Евлогия стояла в растерянности. Напускная гордость, чтобы скрыть от людей свое ничтожество… Так неужели отец тоже ничтожество?

Ее душу переполняла тревога. В университете она изучала генетику, темный хаос наследственности, тогда ей все это было интересно, а теперь? Ева взяла сигарету из оставленной отцом пачки. До чего странное существо человек! Как и все другие существа, он не может выбирать себе родителей, его появление на свет — полная случайность, плод увлечения двух индивидов, которые пришли в жизнь тем же путем. Выходит, человек — дитя случайности? Лишь загадочный ген вносит какой-то порядок в этот хаос. А мы-то кажемся себе высокоорганизованными существами, призванными поддерживать порядок и диктовать даже самой природе, хотя по существу являемся ее слепорожденными детьми.

Она открыла буфет и прямо из горлышка глотнула коньяку.

Вот вам, к примеру, Евлогия, рассуждала она про себя. Зачата папой, рождена мамой. Посредственный ум, посредственное образование, ярко выраженный эгоизм, обостренное сладострастие, скрытая тяга к деревне (тут ей вспомнился Христо Караджов, крестьянин по происхождению). Евлогия вытаращила глаза, дразня свое искаженное отражение в стекле буфета.
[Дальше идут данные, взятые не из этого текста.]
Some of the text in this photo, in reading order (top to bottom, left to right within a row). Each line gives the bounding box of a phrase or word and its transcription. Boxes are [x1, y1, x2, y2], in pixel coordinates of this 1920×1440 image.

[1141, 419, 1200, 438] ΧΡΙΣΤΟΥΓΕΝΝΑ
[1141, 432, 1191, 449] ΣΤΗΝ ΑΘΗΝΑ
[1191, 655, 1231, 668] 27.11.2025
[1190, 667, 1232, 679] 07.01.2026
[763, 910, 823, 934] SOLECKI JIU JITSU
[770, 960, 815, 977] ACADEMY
Она снова сделала глоток коньяку. Была бы жизнь устроена иначе, имела бы я возможность выбирать себе родителей, я бы выбрала маму Диманку и папу Стоила. Может, я и тогда звалась бы Евлогией, и фамилия могла бы быть та же — Дженева, но разве я была бы такой, какая есть? Нет, конечно. Я была бы другая — нечто среднее между мной и Константином. Не пошла бы в агрономию, не моталась бы по селам, не снились бы мне мужчины, с матерью мы жили бы в ладу, а дядя Христо и Мария — о родной матери она подумала как о совершенно чужом человеке — были бы нашими друзьями, но настоящими, потому что каждый был бы на своем месте.
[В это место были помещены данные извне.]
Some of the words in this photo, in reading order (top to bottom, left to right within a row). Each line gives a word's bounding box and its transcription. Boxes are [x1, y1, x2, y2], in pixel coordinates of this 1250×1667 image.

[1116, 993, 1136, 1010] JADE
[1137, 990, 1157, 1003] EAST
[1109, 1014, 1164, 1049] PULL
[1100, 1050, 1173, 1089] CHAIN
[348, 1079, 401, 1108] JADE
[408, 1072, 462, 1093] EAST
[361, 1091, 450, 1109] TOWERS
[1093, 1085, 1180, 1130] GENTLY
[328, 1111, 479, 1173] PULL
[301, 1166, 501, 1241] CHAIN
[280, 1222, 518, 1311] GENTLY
Она опять отпила из бутылки. Коньяк легкой, прозрачной лавой разливался по ее телу, и оно как будто становилось более гибким и сильным. Из распахнутой балконной двери повеял ветерок и разметал тонкие шторы. Евлогия убрала бутылку и подошла к балкону. Стояла глубокая ночь. В летнем небе проклевывались звезды, над городом дымкой висело сияние неона, а дома с темными окнами казались слепыми и мертвыми. Где-то далеко, в новом районе, неуверенно закукарекал петух — не в меру ранняя птаха.
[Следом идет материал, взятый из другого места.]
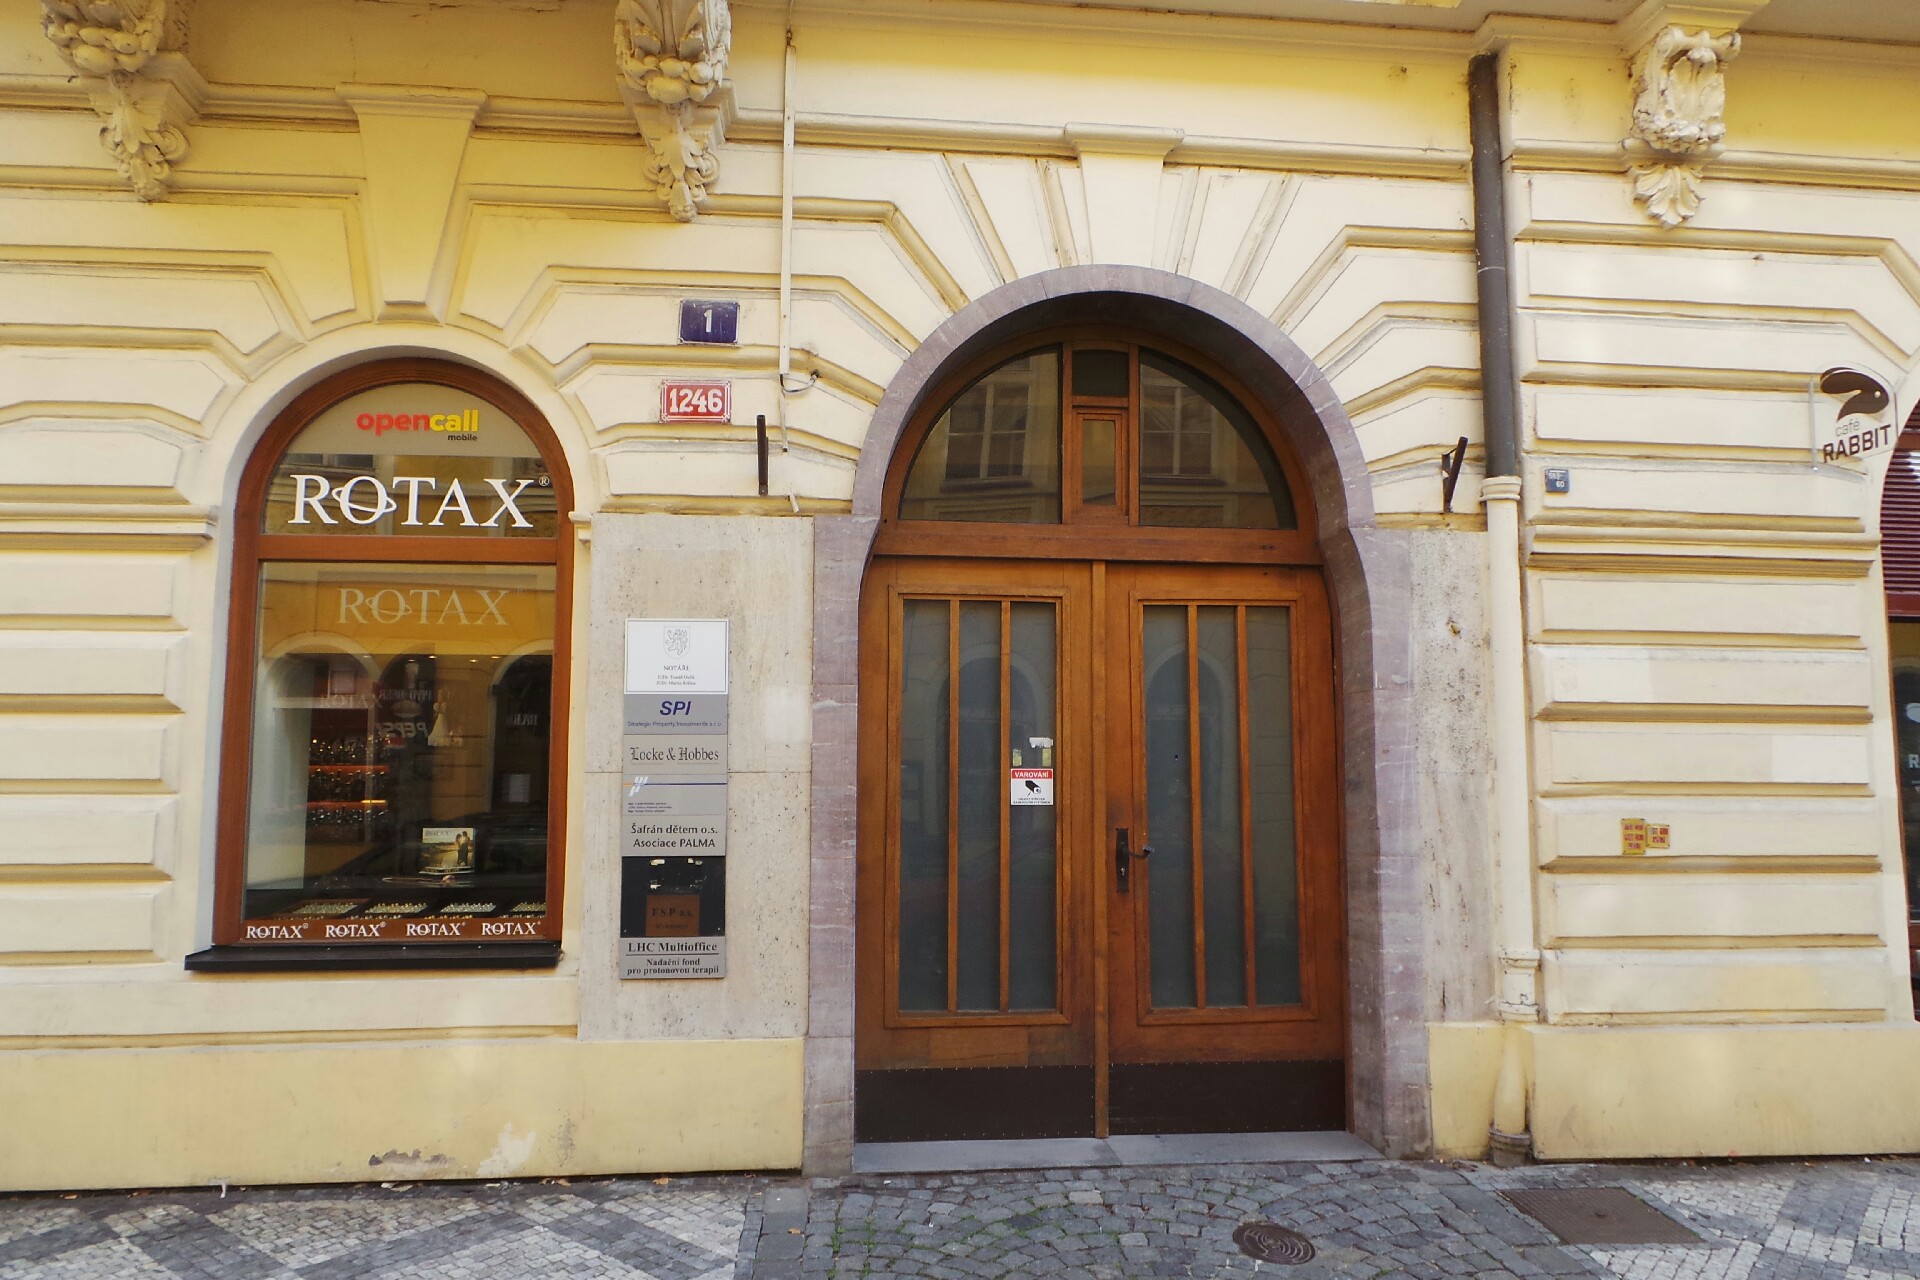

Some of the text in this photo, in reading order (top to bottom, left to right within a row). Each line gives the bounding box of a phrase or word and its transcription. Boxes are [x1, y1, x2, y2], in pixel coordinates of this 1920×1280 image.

[704, 310, 712, 332] 1
[669, 388, 722, 413] 1246
[355, 409, 478, 436] opencall
[1835, 418, 1860, 437] café
[447, 433, 478, 441] mobile
[1822, 424, 1891, 464] RABBIT
[337, 588, 512, 626] ROTAX
[660, 701, 691, 715] SPI
[630, 746, 719, 760] Locke & Hobbes
[1014, 770, 1049, 778] VAROVÁNÍ
[631, 822, 663, 833] Šafrán
[666, 824, 698, 833] dětem
[633, 838, 715, 847] Asociace PALMA
[628, 941, 717, 952] LHC Multioffice
[646, 958, 700, 966] Nadační fond
[627, 965, 719, 976] pro protonovou terapii
Не в меру ранняя, повторила про себя Евлогия. А я и вовсе ненормальная. Она отошла от балконной двери и включила магнитофон. Пела итальянка, у нее был молодой голос с приятной хрипотцой, страстный и ласковый. Может быть, это мать, баюкающая, своего младенца. Слова были простые — о любви, о каком-то белом домике, остального она не поняла. Мелодия лилась неторопливо, ее сдержанная печаль, особенно ощутимая в модуляциях низкого грудного голоса, говорила о людях, закаленных судьбой и способных прощать. Мне грустно, но не очень, — как будто хотела сказать итальянка, — просто захотелось спеть вам эту песню.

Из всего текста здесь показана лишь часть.